Bridget Flaherty ’21
If you know me at all, you know that I am obsessed with celebrity culture. I relish in the emergence of new couples, even if their union is an obvious publicity stunt (I’m looking at you, Ben Affleck and Ana de Armas). I frequently refer to them using just their first names, as though they’re my close personal friends. I devour tabloid articles, despite knowing how unethical and incorrect they are. To sum it up, I LOVE celebrity culture. But, right now, I wish all celebrities would just go away.

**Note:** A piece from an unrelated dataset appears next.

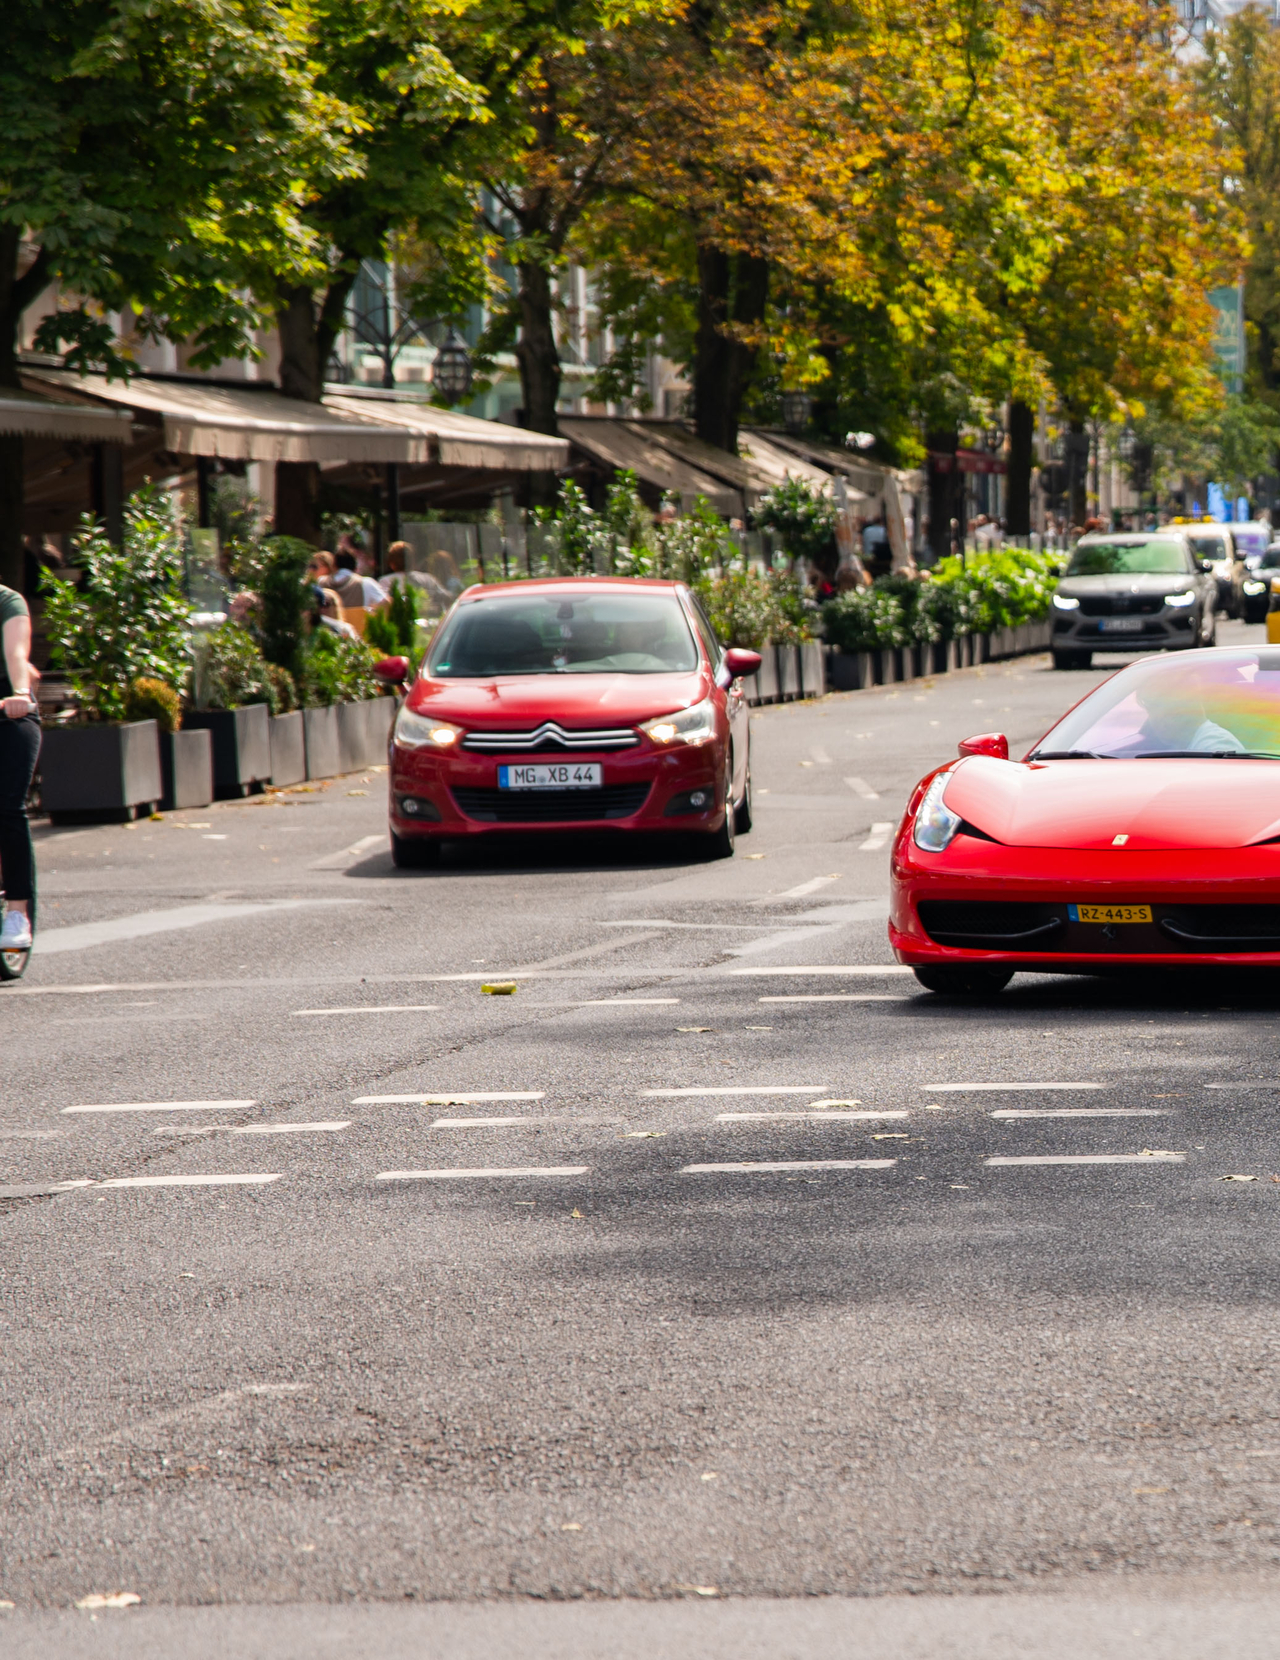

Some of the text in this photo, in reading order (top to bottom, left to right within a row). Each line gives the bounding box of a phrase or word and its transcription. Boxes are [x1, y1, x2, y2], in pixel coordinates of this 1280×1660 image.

Celebrities are driving me nuts. More specifically, their desperate attempts to remain relevant during a global pandemic is driving me nuts. When I’m not directing my pent up rage at one of my unsuspecting siblings, you can bet I’m screaming at my phone for notifying me of the creation of yet ANOTHER celebrity “good news” Instagram show — Yes, this is a direct dig at John Krasinski. GO AWAY JOHN! I don’t CARE what the Hadids are up to during quarantine and I don’t need “Vogue” to publish spreads of them frolicking through their expansive backyards in $700 jeans and Gucci sweaters. I don’t need billionaires to tell me that we’re all in this together while they’re quarantining on their private island and I’m wrestling with my brother over the last granola bar in the cabinet. Don’t even get me started on Justin Timberlake’s misfire of the week (feel free to look it up if you’re in the mood to scream at your computer screen).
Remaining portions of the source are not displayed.